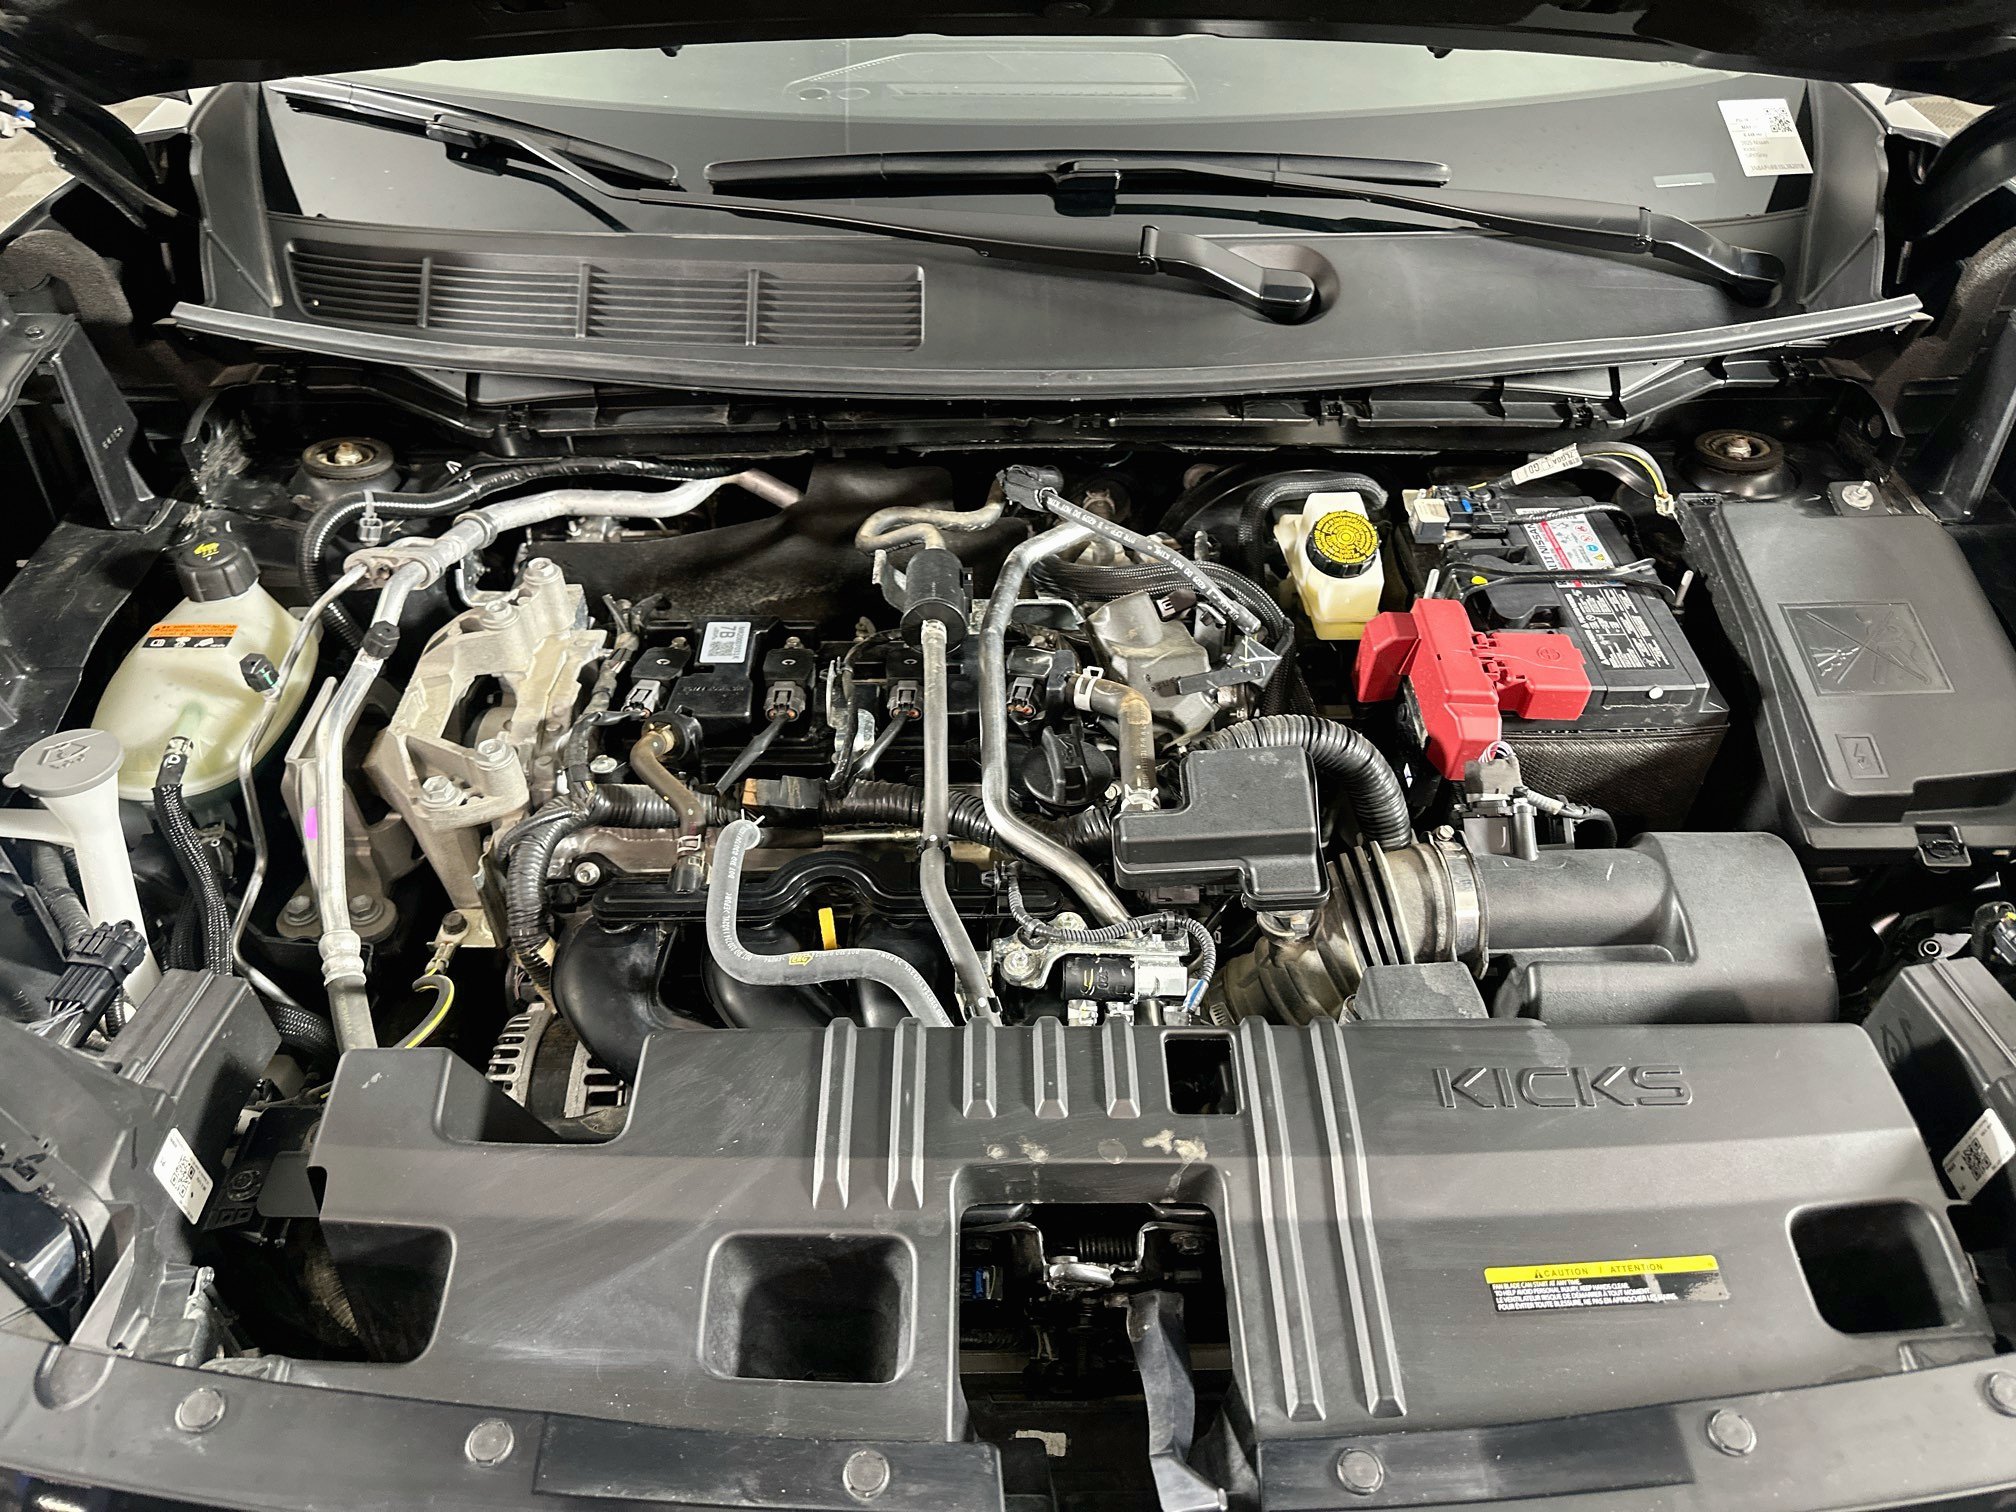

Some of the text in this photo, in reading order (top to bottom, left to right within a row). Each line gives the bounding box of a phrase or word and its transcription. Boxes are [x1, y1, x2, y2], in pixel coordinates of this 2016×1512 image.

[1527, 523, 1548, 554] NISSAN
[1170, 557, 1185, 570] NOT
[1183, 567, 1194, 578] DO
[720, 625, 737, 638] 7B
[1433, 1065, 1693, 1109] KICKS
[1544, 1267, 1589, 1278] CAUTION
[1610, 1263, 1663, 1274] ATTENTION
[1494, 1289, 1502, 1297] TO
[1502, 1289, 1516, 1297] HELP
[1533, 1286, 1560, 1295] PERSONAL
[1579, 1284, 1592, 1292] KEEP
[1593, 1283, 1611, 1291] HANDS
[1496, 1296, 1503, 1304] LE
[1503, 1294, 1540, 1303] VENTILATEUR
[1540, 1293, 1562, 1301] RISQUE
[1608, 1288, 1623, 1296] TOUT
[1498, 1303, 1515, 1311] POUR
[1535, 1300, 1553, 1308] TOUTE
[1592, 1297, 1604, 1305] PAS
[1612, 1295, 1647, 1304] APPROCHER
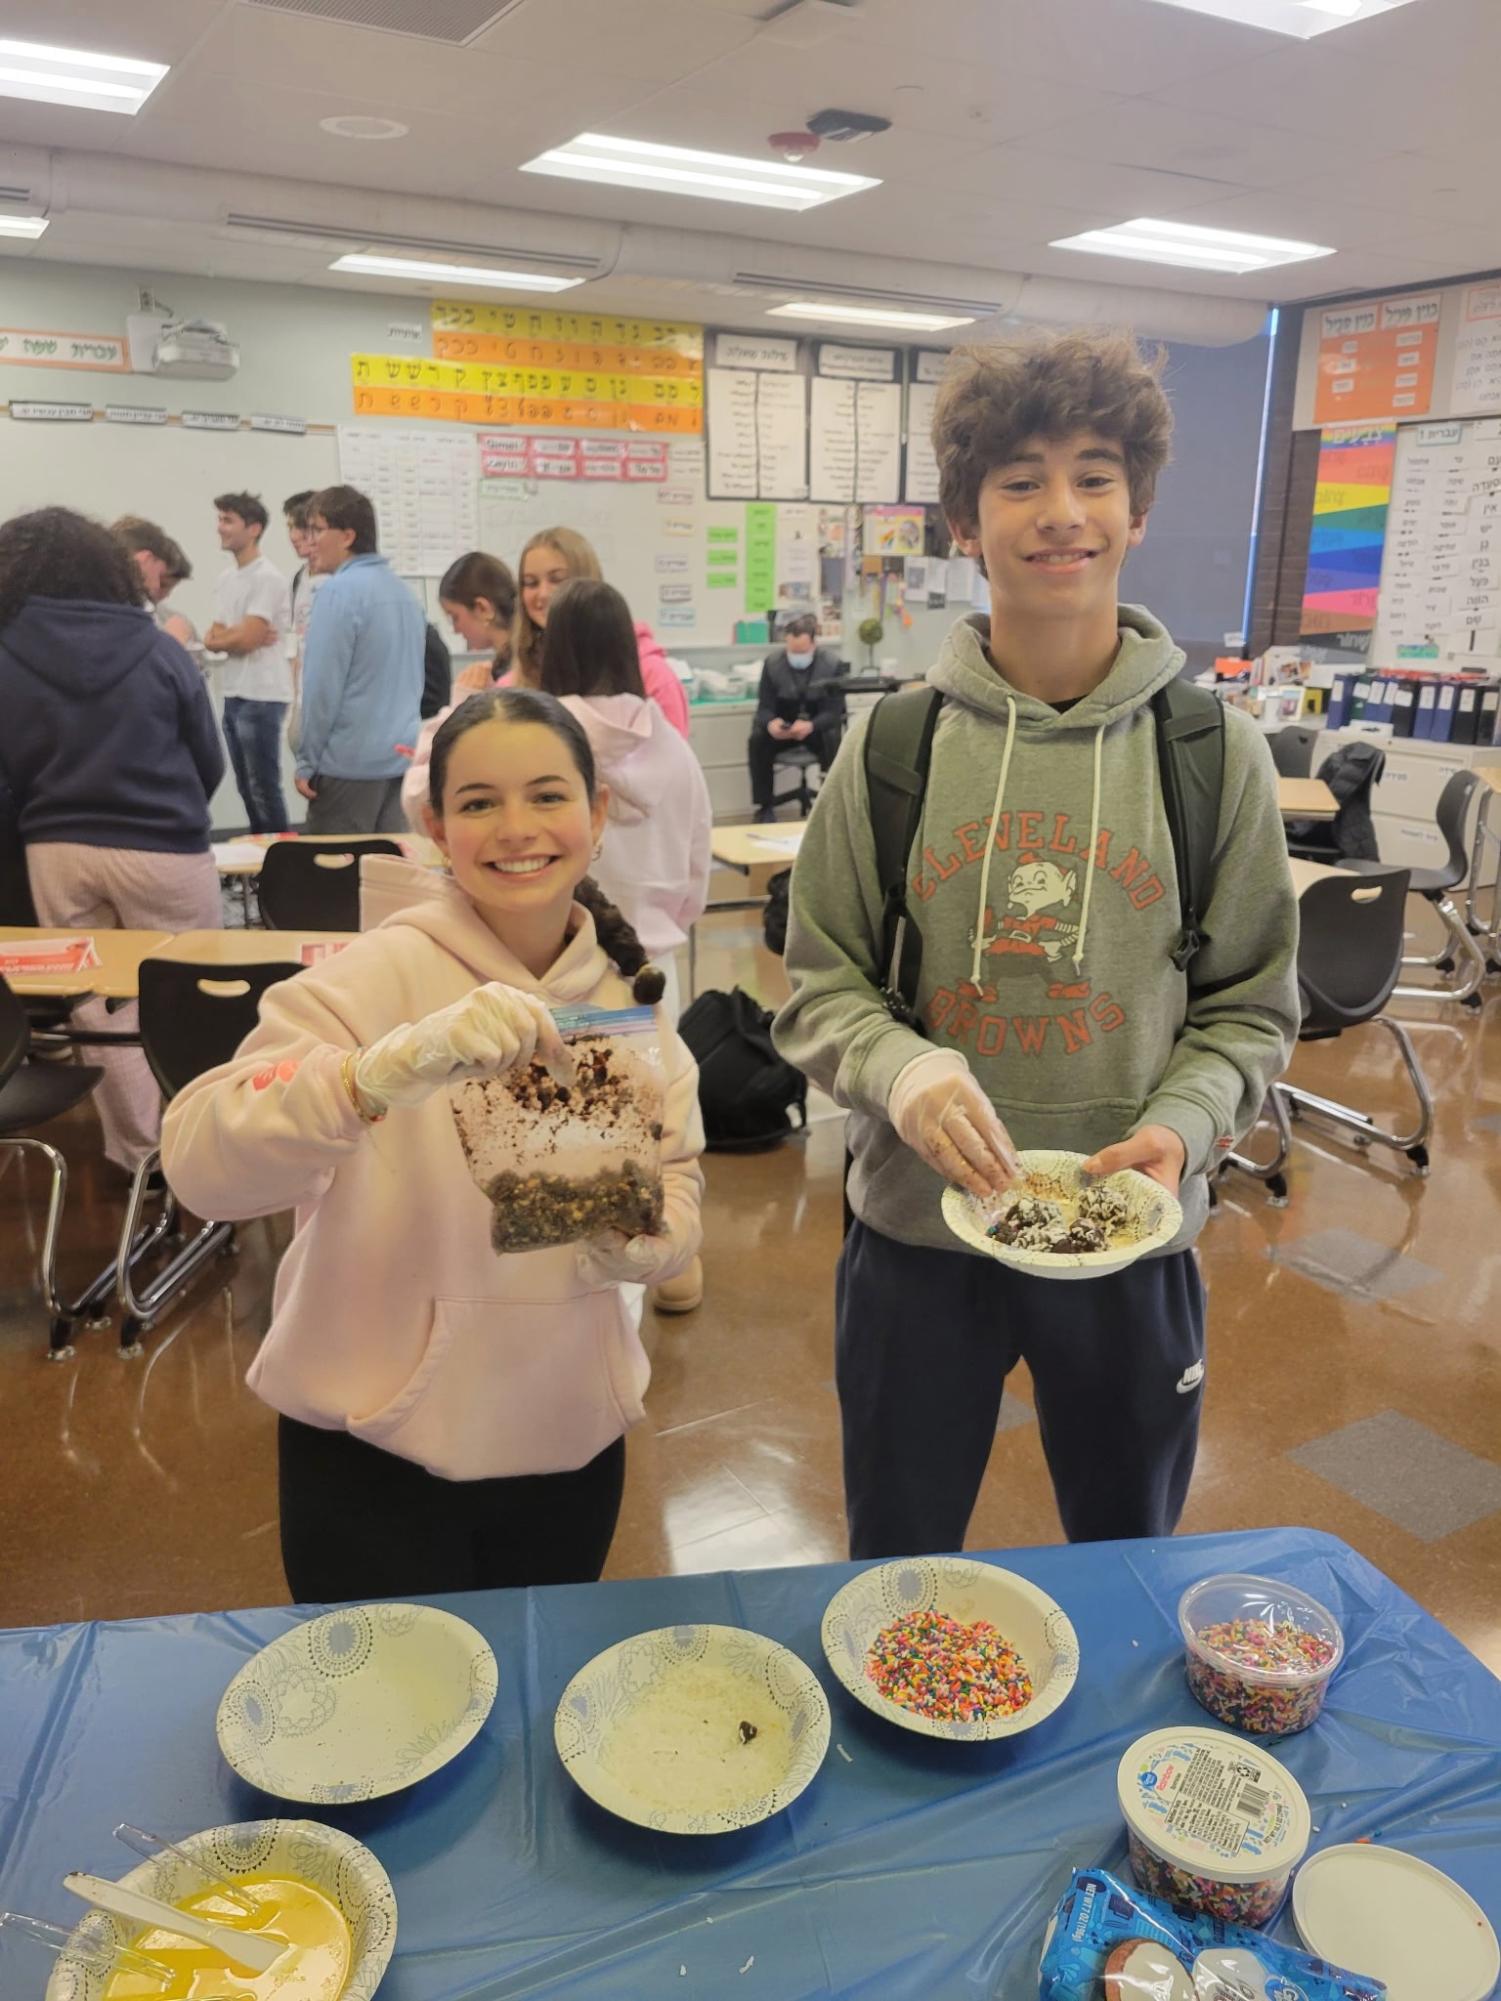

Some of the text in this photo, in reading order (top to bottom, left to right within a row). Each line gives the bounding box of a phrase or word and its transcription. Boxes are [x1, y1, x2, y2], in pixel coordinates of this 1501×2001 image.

- Instructions to follow
Make a word-for-word repeat of the material, skipping all pictures.

- Reply
Some of the text in this photo, in reading order (top to bottom, left to right within a row). Each line gives the bounding box of a phrase or word and its transcription. Boxes are [x1, y1, x2, y2], in pixel coordinates of this 2016×1512 image.

[1527, 523, 1548, 554] NISSAN
[1170, 557, 1185, 570] NOT
[1183, 567, 1194, 578] DO
[720, 625, 737, 638] 7B
[1433, 1065, 1693, 1109] KICKS
[1544, 1267, 1589, 1278] CAUTION
[1610, 1263, 1663, 1274] ATTENTION
[1494, 1289, 1502, 1297] TO
[1502, 1289, 1516, 1297] HELP
[1533, 1286, 1560, 1295] PERSONAL
[1579, 1284, 1592, 1292] KEEP
[1593, 1283, 1611, 1291] HANDS
[1496, 1296, 1503, 1304] LE
[1503, 1294, 1540, 1303] VENTILATEUR
[1540, 1293, 1562, 1301] RISQUE
[1608, 1288, 1623, 1296] TOUT
[1498, 1303, 1515, 1311] POUR
[1535, 1300, 1553, 1308] TOUTE
[1592, 1297, 1604, 1305] PAS
[1612, 1295, 1647, 1304] APPROCHER

Some of the text in this photo, in reading order (top to bottom, left to right within a row). Each line gives the bounding box of a phrase or word and its transcription. Boxes are [x1, y1, x2, y2], in pixel coordinates of this 1501×2001 image.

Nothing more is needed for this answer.